Let me start with the usual disclaimers. We have very little information about the young man who allegedly shot 70 people at a midnight showing of the "Batman" movie in Aurora, Colo., and from a psychiatrist's standpoint, there is nothing to say. Let me add to my disclaimer that I am going to mention some statistics as my article goes on and they were obtained through a quick, informal, e-mail poll that was not validated and doesn't begin to approach anything one might call science.
I was surprised, and a bit dismayed, last week when the media announced that a package had been recovered from a university mail room that was addressed to Dr. Lynne Fenton, the director of student mental health at the University of Colorado’s Anschutz Medical Campus, where the alleged shooter was a graduate student. While other high-profile mass murderers have had histories of psychiatric treatment, this is the first time that I can recall the name of an alleged treating psychiatrist being released by the media so soon after a tragedy.

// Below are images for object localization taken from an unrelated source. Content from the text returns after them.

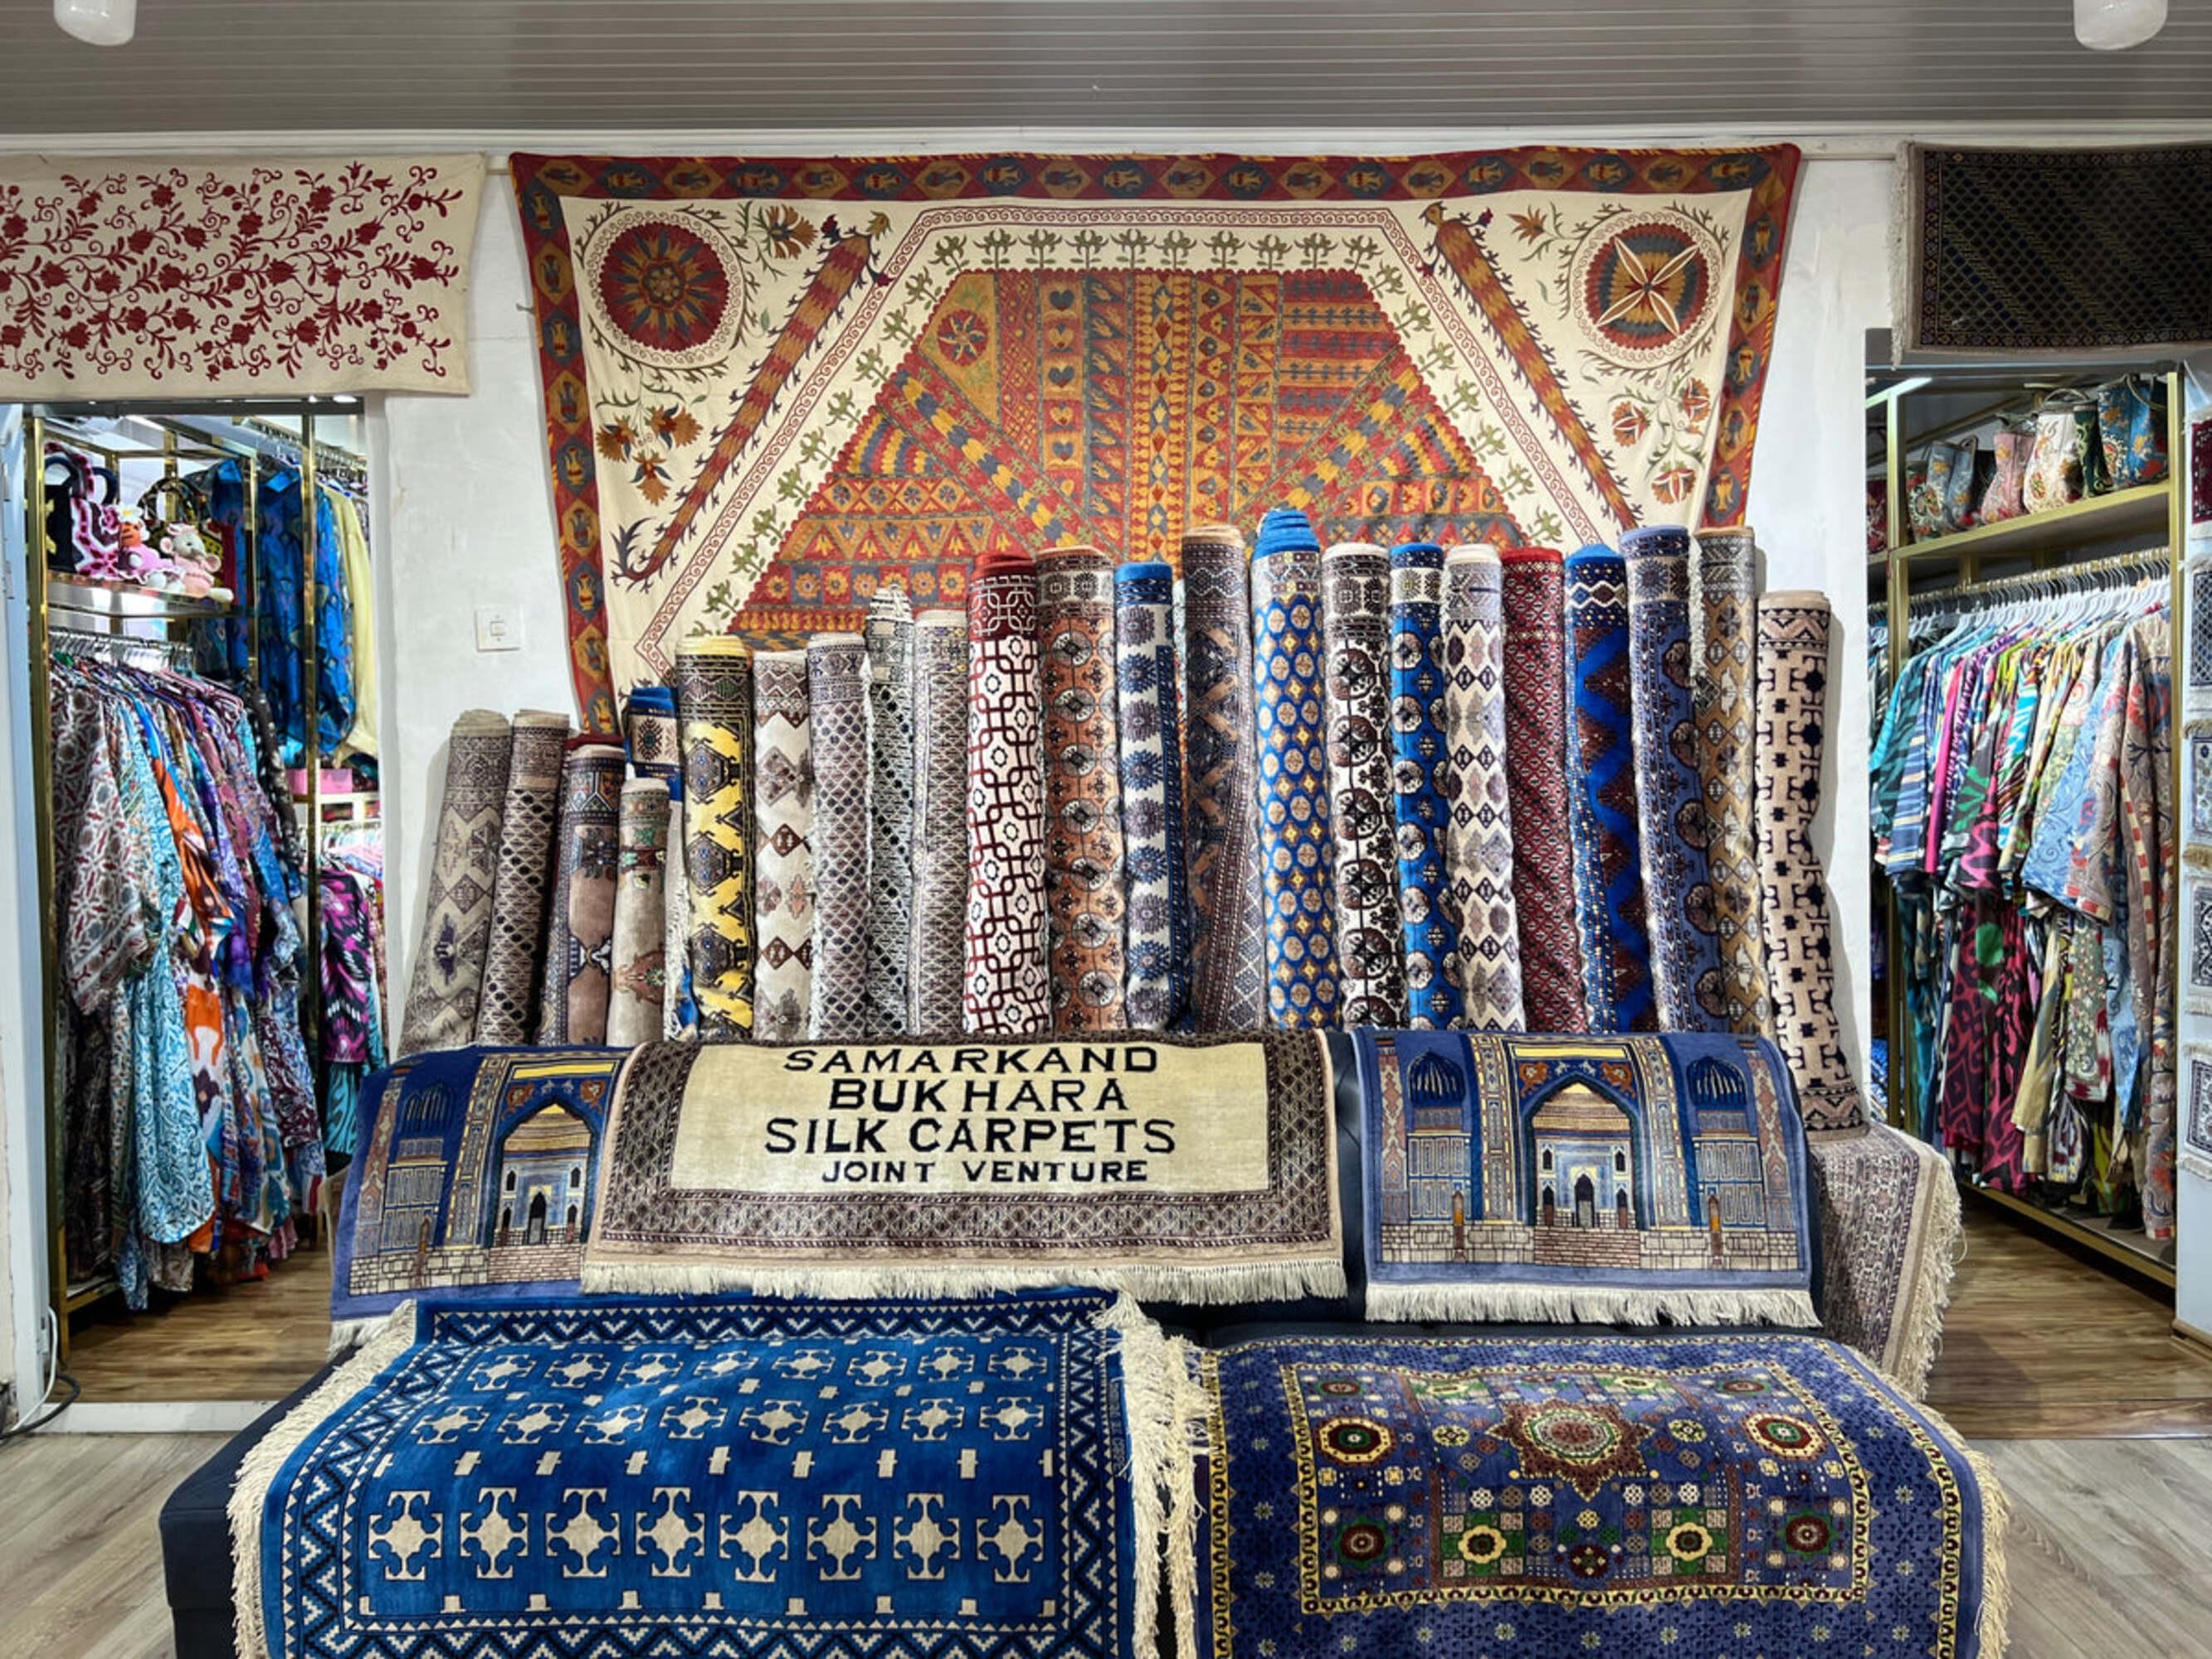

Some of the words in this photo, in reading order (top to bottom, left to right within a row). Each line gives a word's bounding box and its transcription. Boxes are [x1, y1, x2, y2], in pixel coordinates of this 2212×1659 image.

[782, 1047, 1157, 1073] SAMARKAND
[830, 1078, 1128, 1112] BUKHARA
[766, 1118, 888, 1153] SILK
[909, 1118, 1176, 1153] CARPETS
[823, 1161, 935, 1182] JOINT
[962, 1160, 1147, 1182] VENTURE
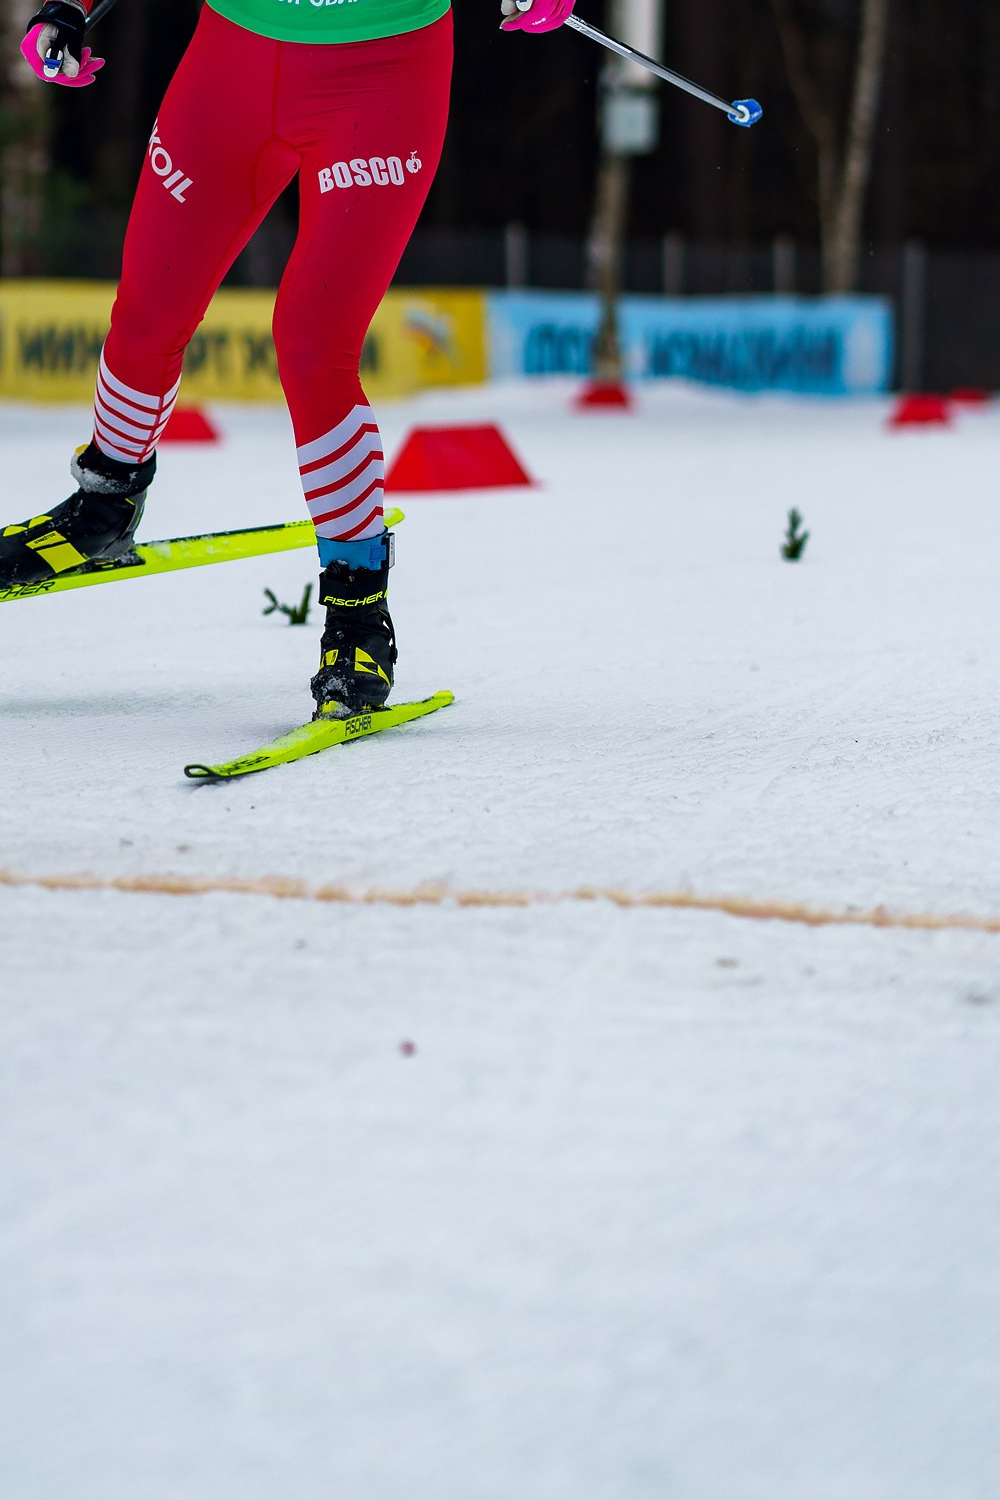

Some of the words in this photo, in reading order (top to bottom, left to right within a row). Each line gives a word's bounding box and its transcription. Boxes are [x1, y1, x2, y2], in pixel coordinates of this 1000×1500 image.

[317, 156, 406, 195] BOSCO
[323, 586, 384, 608] FISCHER
[344, 714, 373, 737] FISCHER
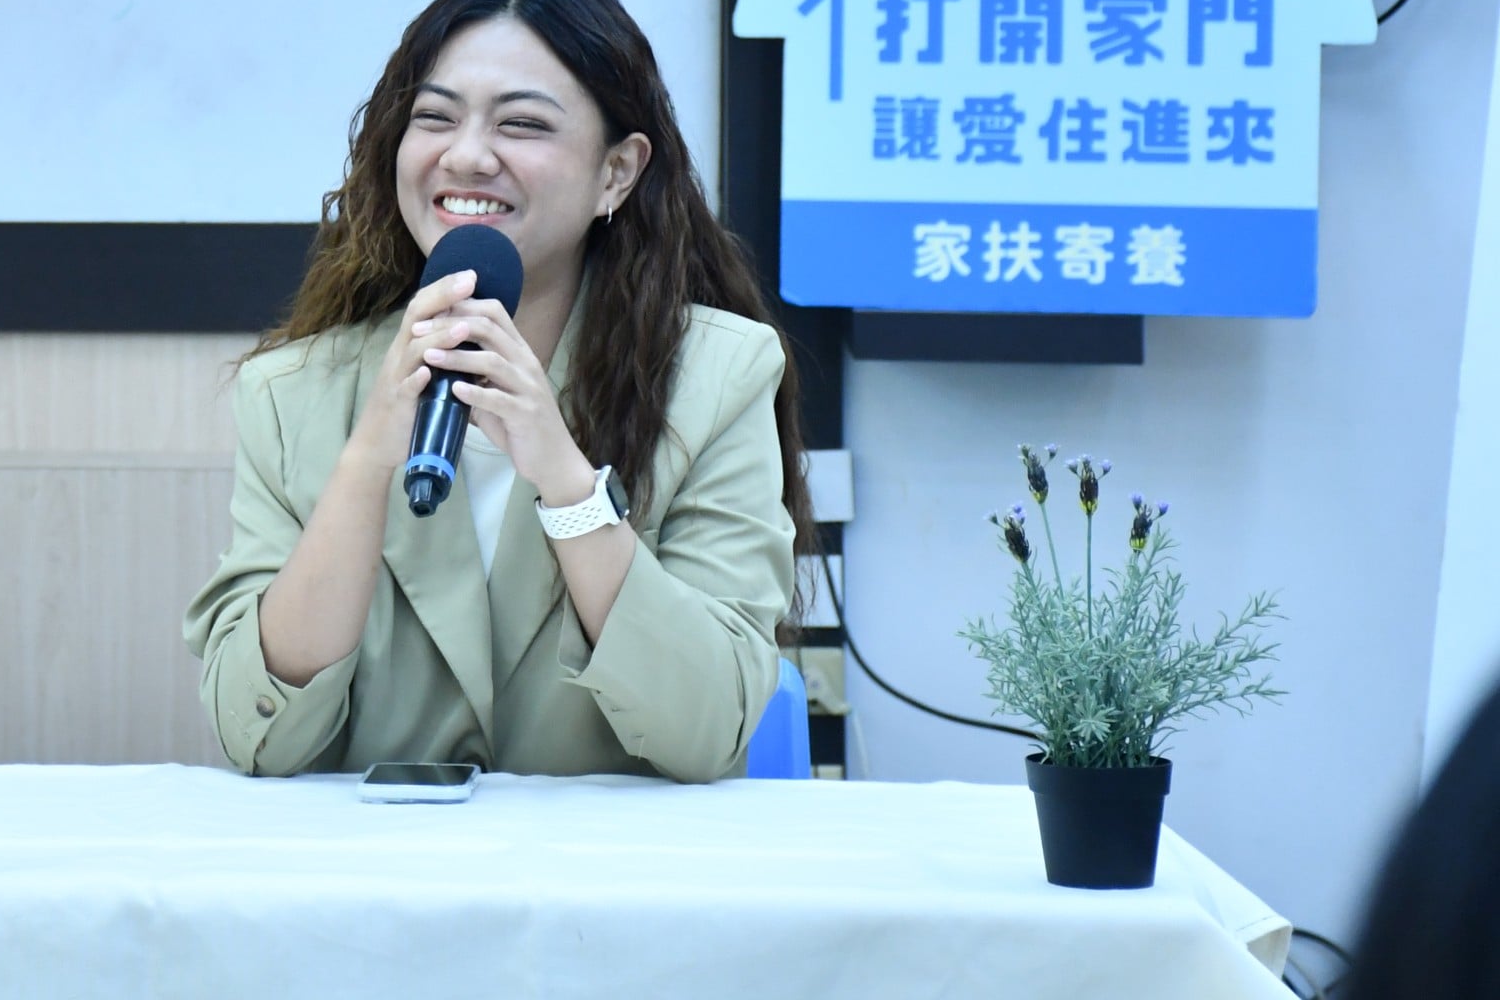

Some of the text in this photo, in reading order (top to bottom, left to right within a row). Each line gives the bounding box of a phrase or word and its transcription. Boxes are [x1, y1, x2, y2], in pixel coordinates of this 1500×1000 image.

[872, 92, 1276, 165] 讓愛住進來
[913, 220, 1188, 287] 家扶寄養

I know nothing about this psychiatrist – whether she did in fact treat the alleged shooter, whether or not she offered adequate or appropriate care – I felt badly for her. If she did, in fact, treat the shooter, she must be quite upset.
To me, the hardest part about being a psychiatrist is feeling responsible for the behavior of others. If, as the media reported, there were no warning signs, then this is every psychiatrist’s worst fear.
The journalists proceeded on with a flurry of reports. The first story I saw said Dr. Fenton studies schizophrenia. Wouldn’t that lead the general public to believe that the shooter must have schizophrenia? While that might be the case, it could also be that a student mental health center treats all students requesting care, and that most of them probably do not have schizophrenia. It could also be the case that Dr. Fenton had never treated the alleged shooter, but that he had simply identified her as someone to send a package to.
Soon after, the media began to focus on the psychiatrist's past misdeeds, with headlines about her "dark” and “troubled” past, and this has been the focus of many news stories over the past few days. The implication, I believe, is that the alleged shooter was being treated by a bad psychiatrist.
Dr. Fenton had been disciplined in 2004 for writing prescriptions for herself, her husband, and an employee with a headache, events that occurred in 1997-1999 (Colorado State Board of Medical Examiners Stipulation and Final Agency Order, case no. 5101021920, Sept. 23, 2004). Apparently, her prescribing practices came to the attention of the Drug Enforcement Administration when she reported a former employee who was forging her prescriptions to get large quantities of narcotics.
In the course of the DEA investigation, it was revealed that she had written the following prescriptions without documenting them: Claritin and Ambien for her husband, three tablets of Xanax that she took during a period when her mother was dying, four tablets of Xanax for someone who was anxious about an airline flight, and a prescription for a pain killer and sedative for an employee with a headache. Dr. Fenton admitted to these infractions, received a letter of admonition, and was required to take a course on documentation.
Are these prescriptions, written nearly 15 years ago and sanctioned 8 years ago, somehow relevant to the Aurora shootings? I have a hard time seeing it as anything other than dragging a psychiatrist through mud for the sake of getting muddy. In a quick and dirty e-mail poll, I discovered that 85% of a small sample of psychiatrists had ever written a prescription for themselves, a family member, a colleague, or a friend, while 20% had written a prescription for a controlled substance for someone who is not their patient. Again, my sample was small, my methods were not scientific, but I wanted a frame of reference for a doctor’s infraction that has been so sensationalized.
When a tragedy such as this happens, everyone is quick to look for reasons. We’d like to understand what transpired so that we can prevent it from happening again. None of us want to be killed at the movies, and none of us want to make the wrong call on a potentially violent patient. I don’t know anything about Dr. Fenton or her relationship with the alleged Aurora shooter, but I do believe the media should try to keep the stories relevant.